OldPotter wrote:A video Of Milos Karadaglic showing some students how and why he suggests a particular posture. https://www.youtube.com/watch?v=VLccwti1cnE
The link that you provided was quite informative and I appreciate you sharing it~ There were many points made that I thought to be important to a beginner.

AndreiKrylov

Re: sitting posture

Post by AndreiKrylov » Mon Sep 21, 2015 12:20 pm

Honestly, I would not use both those straps. I tried that many years ago and did not like those.
QuintinBulnes wrote:
Jeffrey Armbruster wrote:Very interesting. There are a couple of other more expensive versions on Amazon as well; none of them have a review or q. and a. section. It's hard to picture this; one reviewer said he couldn't get the neck high enough with this model.
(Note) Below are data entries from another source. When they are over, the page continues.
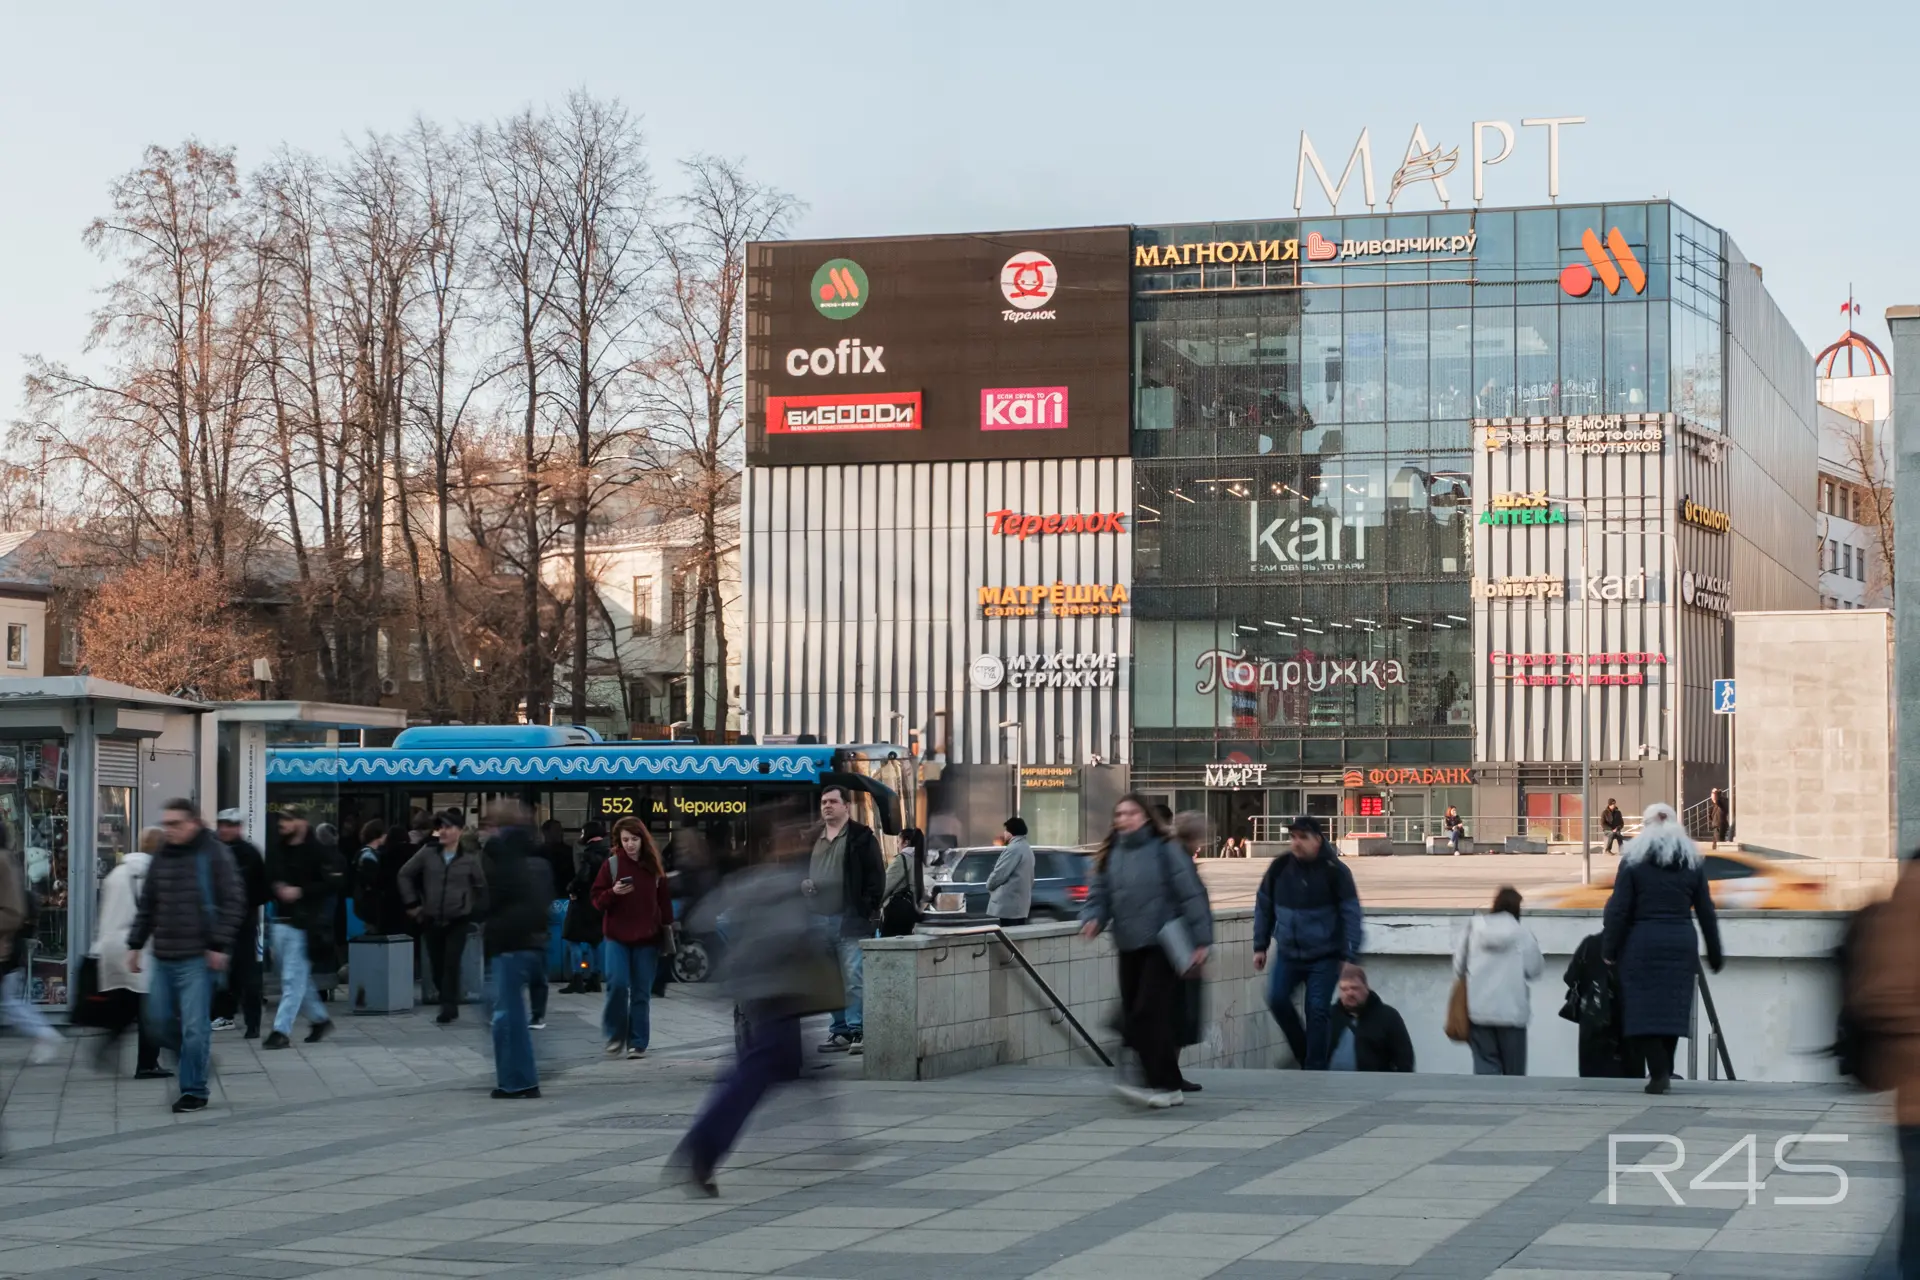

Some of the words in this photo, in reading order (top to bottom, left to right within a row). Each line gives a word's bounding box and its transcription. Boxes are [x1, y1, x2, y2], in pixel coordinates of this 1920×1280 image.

[1294, 116, 1586, 209] МАРТ
[1135, 239, 1299, 267] МАГНОЛИЯ
[1001, 309, 1057, 323] Теремок
[786, 338, 886, 377] cofix
[986, 392, 1063, 425] kari
[1566, 418, 1622, 430] РЕМОНТ
[1566, 429, 1663, 442] СМАРТФОНОВ
[1566, 443, 1577, 454] И
[1582, 441, 1661, 454] НОУТБУКОВ
[985, 509, 1127, 541] Теремок
[1478, 508, 1565, 525] АПТЕКА
[1693, 504, 1731, 533] СТОЛОТО
[1250, 500, 1365, 561] kari
[978, 580, 1129, 605] МАТРЁШКА
[1581, 566, 1645, 601] kari
[1695, 573, 1731, 596] МУЖСКИЕ
[984, 605, 1035, 617] салон
[1051, 603, 1122, 618] красоты
[1695, 591, 1731, 613] СТРИЖКИ
[1007, 652, 1117, 670] МУЖСКИЕ
[1195, 648, 1406, 694] Подружка
[1009, 670, 1114, 688] СТРИЖКИ
[1026, 779, 1064, 787] МАГАЗИН
[1205, 768, 1267, 786] МАРТ
[602, 797, 634, 813] 552
[652, 801, 668, 813] м.
[674, 797, 747, 817] Черкизо
Quintinbulnes, do you use this? Can you describe it a bit more: specifically can you bring the guitar neck up sufficiently? I would only want to use it sitting down. Oh, and reviewers said that it put the weight of the guitar on the neck, but I assume that they were standing.

I have a Dynarette due this week; if that doesn't work I may try this. I may try it anyway!
Hi Jeffrey,

I personally have not used this particular strap. I should probably get it since it is much nicer than the one that I have. :D Mine is much more austere.

But I believe that the reviewer is correct; while this strap is very comfortable to use it is meant for playing while standing up. Not that you couldn't use it for playing while sitting down but think more of a Flamenco posture versus than the more formal/upright classical guitar.

You could add a second strap that goes around your neck and somehow add a button strap that goes around the head of the guitar and use this to prop it up higher:
Guitar strap 1.jpg
Or use a guitar sling and just move the guitar higher:
guitar sling.jpg
With that being said; it's all a matter of creativity! Let me know what you think!

AndreiKrylov

Re: sitting posture

Post by AndreiKrylov » Mon Sep 21, 2015 12:24 pm

Z. Quentin wrote:
OldPotter wrote:A video Of Milos Karadaglic showing some students how and why he suggests a particular posture. https://www.youtube.com/watch?v=VLccwti1cnE
The link that you provided was quite informative and I appreciate you sharing it~ There were many points made that I thought to be important to a beginner.
Yeah - Footstool. :D
Back pain almost guaranteed.

AndreiKrylov

Re: sitting posture

Post by AndreiKrylov » Mon Sep 21, 2015 12:28 pm

Jeffrey Armbruster wrote:Yesterday I visited John Mello, my neighbor and luthier, asking about installing buttons for a strap. He pointed out that I would have to drill at least one hole in the body of my guitar. I suppose this is trivial, sound wise. But I don't want to do it. For me, the appeal of a strap was that it was less invasive/scratch producing than other supports. (I imagined that you could just glue on the buttons.)

I have a Dynarette knock off coming next week. But I may just stay with my good ol' foot stool. Or use the Dynarette in combination with a small rise for my left foot.
Absolutely agree with you! Myself I have to choose what is more important - my convenience and absence of back pain or invasive action on body of my guitar...
I choose to drill :D
Guitar is only a tool for me. A tool which must be convenient to use from my point of view.
But if it is not a tool, but let say something very beautiful which I love to watch intact - then I would leave it untouched.